▽

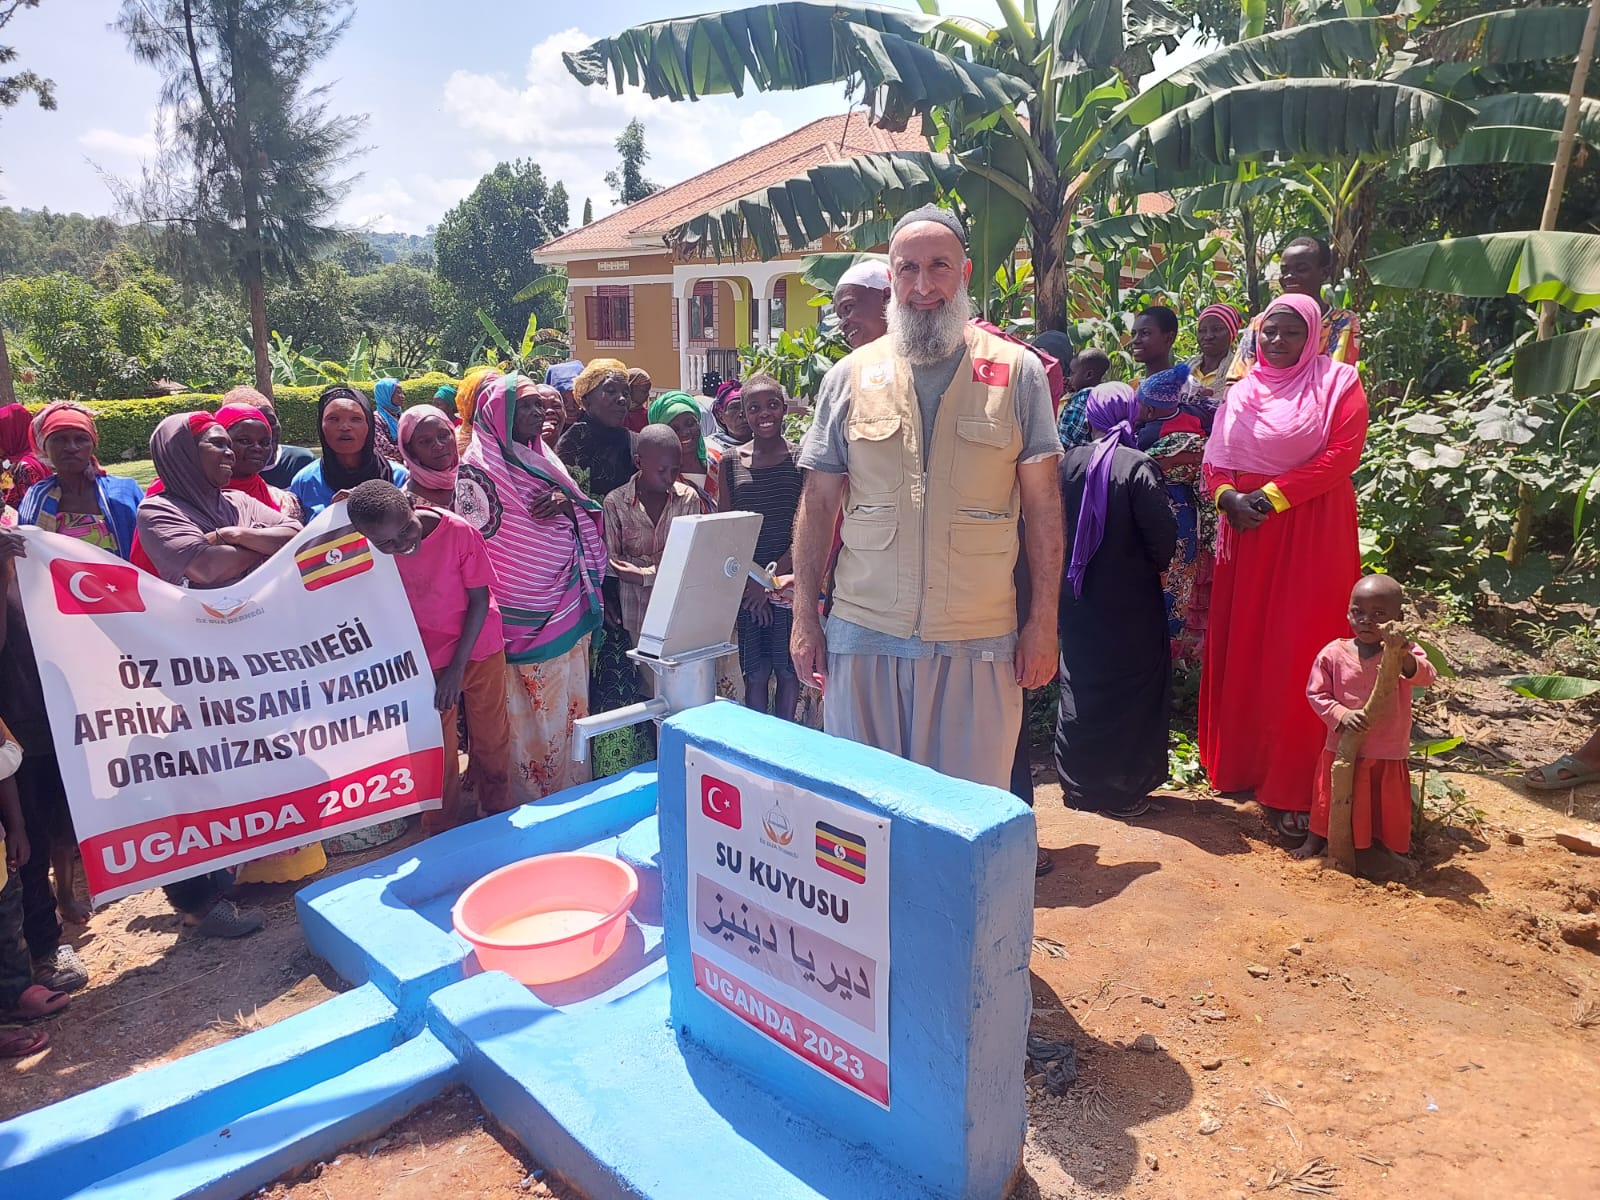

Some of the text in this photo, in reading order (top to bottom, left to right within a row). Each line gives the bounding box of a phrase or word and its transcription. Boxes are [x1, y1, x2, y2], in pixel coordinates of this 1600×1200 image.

[73, 650, 419, 746] AFRİKA İNSANİ YARDIM
[118, 616, 373, 690] ÖZ DUA DERNEĞİ
[107, 699, 410, 788] ORGANİZASYONLARI
[101, 767, 415, 874] UGANDA 2023
[716, 841, 849, 924] SU KUYUSU
[703, 893, 871, 1000] ديريا دينيز
[705, 967, 865, 1081] UGANDA 2023

△

Problem statement: Would you provide an exact, picture-free copy of the data above?

Output of the exercise:
Some of the text in this photo, in reading order (top to bottom, left to right within a row). Each line gives the bounding box of a phrase or word and its transcription. Boxes are [x1, y1, x2, y2], in pixel coordinates of this 1600×1200 image.

[73, 650, 419, 746] AFRİKA İNSANİ YARDIM
[118, 616, 373, 690] ÖZ DUA DERNEĞİ
[107, 699, 410, 788] ORGANİZASYONLARI
[101, 767, 415, 874] UGANDA 2023
[716, 841, 849, 924] SU KUYUSU
[703, 893, 871, 1000] ديريا دينيز
[705, 967, 865, 1081] UGANDA 2023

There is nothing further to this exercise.